**Exercise**. Output the entries below without any alteration.

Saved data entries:
^^^^^^^^

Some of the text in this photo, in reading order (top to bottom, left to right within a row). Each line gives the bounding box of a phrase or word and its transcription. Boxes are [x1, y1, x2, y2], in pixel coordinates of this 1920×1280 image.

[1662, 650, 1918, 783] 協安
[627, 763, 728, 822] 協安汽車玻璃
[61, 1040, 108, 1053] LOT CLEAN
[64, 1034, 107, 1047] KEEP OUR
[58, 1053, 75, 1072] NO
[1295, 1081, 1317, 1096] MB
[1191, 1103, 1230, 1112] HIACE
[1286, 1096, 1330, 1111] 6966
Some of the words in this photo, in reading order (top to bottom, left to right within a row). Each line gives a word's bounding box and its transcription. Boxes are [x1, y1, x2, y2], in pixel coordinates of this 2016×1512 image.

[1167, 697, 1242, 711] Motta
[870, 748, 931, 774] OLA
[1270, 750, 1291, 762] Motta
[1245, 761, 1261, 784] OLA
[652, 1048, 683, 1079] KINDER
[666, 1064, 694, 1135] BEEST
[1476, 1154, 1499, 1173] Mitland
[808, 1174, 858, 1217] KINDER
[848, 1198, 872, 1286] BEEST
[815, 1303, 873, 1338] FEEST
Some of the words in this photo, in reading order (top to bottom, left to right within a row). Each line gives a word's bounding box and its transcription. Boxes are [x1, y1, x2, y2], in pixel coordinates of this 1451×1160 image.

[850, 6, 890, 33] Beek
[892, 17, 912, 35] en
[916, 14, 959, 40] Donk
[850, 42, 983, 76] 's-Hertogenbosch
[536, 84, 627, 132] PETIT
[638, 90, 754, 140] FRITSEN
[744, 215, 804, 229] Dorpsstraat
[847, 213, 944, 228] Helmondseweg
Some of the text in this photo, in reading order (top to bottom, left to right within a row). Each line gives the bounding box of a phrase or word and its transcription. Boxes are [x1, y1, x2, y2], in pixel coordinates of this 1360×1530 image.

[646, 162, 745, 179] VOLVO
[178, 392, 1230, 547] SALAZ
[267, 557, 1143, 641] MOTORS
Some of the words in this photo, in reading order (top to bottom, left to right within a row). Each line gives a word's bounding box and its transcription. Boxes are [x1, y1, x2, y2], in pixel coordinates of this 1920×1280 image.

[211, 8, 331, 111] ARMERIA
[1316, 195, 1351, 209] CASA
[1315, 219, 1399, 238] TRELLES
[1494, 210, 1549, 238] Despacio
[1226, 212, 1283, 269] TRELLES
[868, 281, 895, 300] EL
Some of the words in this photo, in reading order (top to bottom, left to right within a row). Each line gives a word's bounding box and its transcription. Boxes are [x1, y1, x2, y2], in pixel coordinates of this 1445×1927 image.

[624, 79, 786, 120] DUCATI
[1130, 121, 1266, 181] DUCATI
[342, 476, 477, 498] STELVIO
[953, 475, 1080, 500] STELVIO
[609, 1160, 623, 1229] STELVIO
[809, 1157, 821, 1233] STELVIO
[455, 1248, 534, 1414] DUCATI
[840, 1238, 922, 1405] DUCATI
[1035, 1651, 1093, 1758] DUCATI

^^^^^^^^

**Response area**.
Some of the text in this photo, in reading order (top to bottom, left to right within a row). Each line gives the bounding box of a phrase or word and its transcription. Boxes are [x1, y1, x2, y2], in pixel coordinates of this 1920×1280 image.

[1662, 650, 1918, 783] 協安
[627, 763, 728, 822] 協安汽車玻璃
[61, 1040, 108, 1053] LOT CLEAN
[64, 1034, 107, 1047] KEEP OUR
[58, 1053, 75, 1072] NO
[1295, 1081, 1317, 1096] MB
[1191, 1103, 1230, 1112] HIACE
[1286, 1096, 1330, 1111] 6966
Some of the words in this photo, in reading order (top to bottom, left to right within a row). Each line gives a word's bounding box and its transcription. Boxes are [x1, y1, x2, y2], in pixel coordinates of this 2016×1512 image.

[1167, 697, 1242, 711] Motta
[870, 748, 931, 774] OLA
[1270, 750, 1291, 762] Motta
[1245, 761, 1261, 784] OLA
[652, 1048, 683, 1079] KINDER
[666, 1064, 694, 1135] BEEST
[1476, 1154, 1499, 1173] Mitland
[808, 1174, 858, 1217] KINDER
[848, 1198, 872, 1286] BEEST
[815, 1303, 873, 1338] FEEST
Some of the words in this photo, in reading order (top to bottom, left to right within a row). Each line gives a word's bounding box and its transcription. Boxes are [x1, y1, x2, y2], in pixel coordinates of this 1451×1160 image.

[850, 6, 890, 33] Beek
[892, 17, 912, 35] en
[916, 14, 959, 40] Donk
[850, 42, 983, 76] 's-Hertogenbosch
[536, 84, 627, 132] PETIT
[638, 90, 754, 140] FRITSEN
[744, 215, 804, 229] Dorpsstraat
[847, 213, 944, 228] Helmondseweg
Some of the text in this photo, in reading order (top to bottom, left to right within a row). Each line gives the bounding box of a phrase or word and its transcription. Boxes are [x1, y1, x2, y2], in pixel coordinates of this 1360×1530 image.

[646, 162, 745, 179] VOLVO
[178, 392, 1230, 547] SALAZ
[267, 557, 1143, 641] MOTORS
Some of the words in this photo, in reading order (top to bottom, left to right within a row). Each line gives a word's bounding box and its transcription. Boxes are [x1, y1, x2, y2], in pixel coordinates of this 1920×1280 image.

[211, 8, 331, 111] ARMERIA
[1316, 195, 1351, 209] CASA
[1315, 219, 1399, 238] TRELLES
[1494, 210, 1549, 238] Despacio
[1226, 212, 1283, 269] TRELLES
[868, 281, 895, 300] EL
Some of the words in this photo, in reading order (top to bottom, left to right within a row). Each line gives a word's bounding box and its transcription. Boxes are [x1, y1, x2, y2], in pixel coordinates of this 1445×1927 image.

[624, 79, 786, 120] DUCATI
[1130, 121, 1266, 181] DUCATI
[342, 476, 477, 498] STELVIO
[953, 475, 1080, 500] STELVIO
[609, 1160, 623, 1229] STELVIO
[809, 1157, 821, 1233] STELVIO
[455, 1248, 534, 1414] DUCATI
[840, 1238, 922, 1405] DUCATI
[1035, 1651, 1093, 1758] DUCATI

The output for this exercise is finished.